### TASK TO CARRY OUT:
Without including any pictures, write out all the entries exactly.

Collected data:
*-*-*
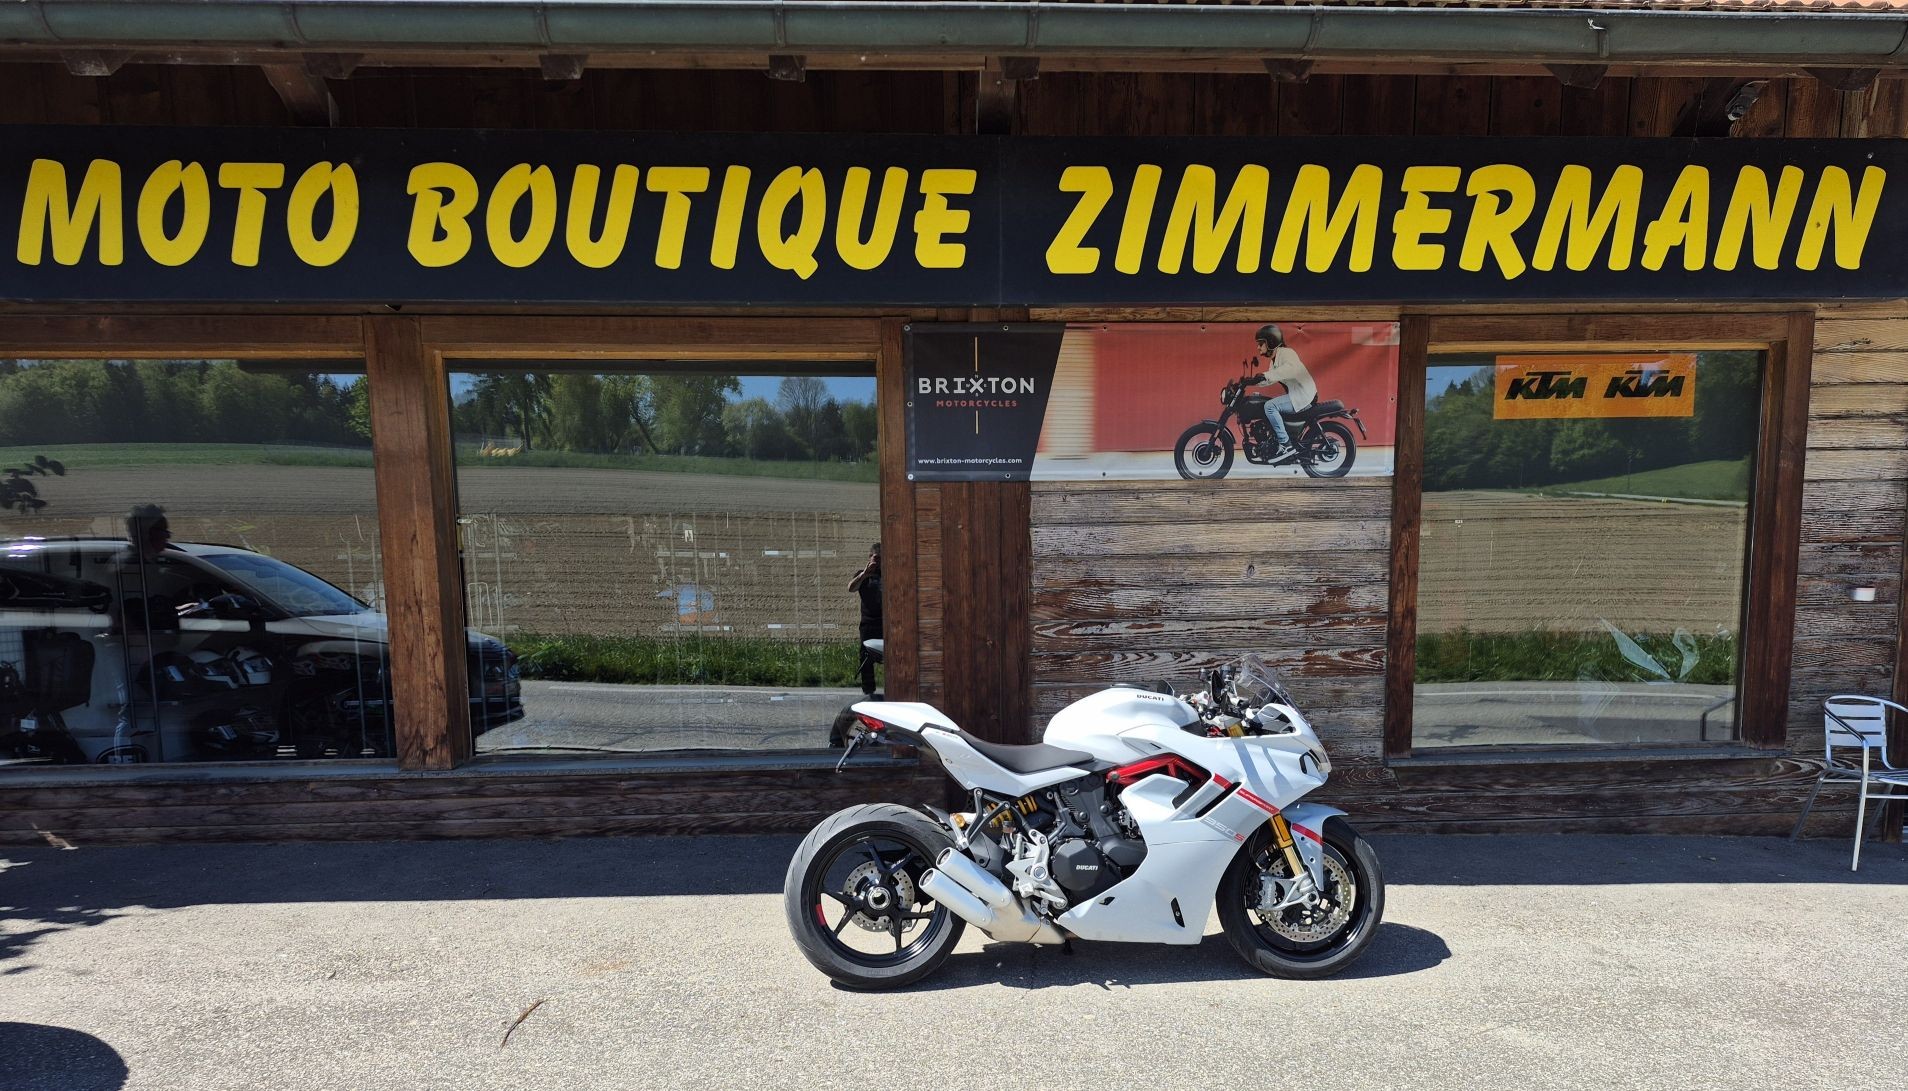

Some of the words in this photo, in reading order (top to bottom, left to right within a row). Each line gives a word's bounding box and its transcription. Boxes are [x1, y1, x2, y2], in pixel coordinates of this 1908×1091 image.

[18, 159, 360, 267] MOTO
[407, 162, 978, 280] BOUTIQUE
[1046, 163, 1888, 280] ZIMMERMANN
[918, 377, 1035, 394] BRIXTON
[1504, 371, 1588, 400] KTM
[1603, 370, 1686, 399] KTM
[936, 400, 1018, 408] MOTORCYCLES
[918, 457, 1022, 466] www.brixton-motorcycles.com
[1136, 694, 1165, 702] DUCATI
*-*-*
### EXERCISE ANSWER:
Some of the words in this photo, in reading order (top to bottom, left to right within a row). Each line gives a word's bounding box and its transcription. Boxes are [x1, y1, x2, y2], in pixel coordinates of this 1908×1091 image.

[18, 159, 360, 267] MOTO
[407, 162, 978, 280] BOUTIQUE
[1046, 163, 1888, 280] ZIMMERMANN
[918, 377, 1035, 394] BRIXTON
[1504, 371, 1588, 400] KTM
[1603, 370, 1686, 399] KTM
[936, 400, 1018, 408] MOTORCYCLES
[918, 457, 1022, 466] www.brixton-motorcycles.com
[1136, 694, 1165, 702] DUCATI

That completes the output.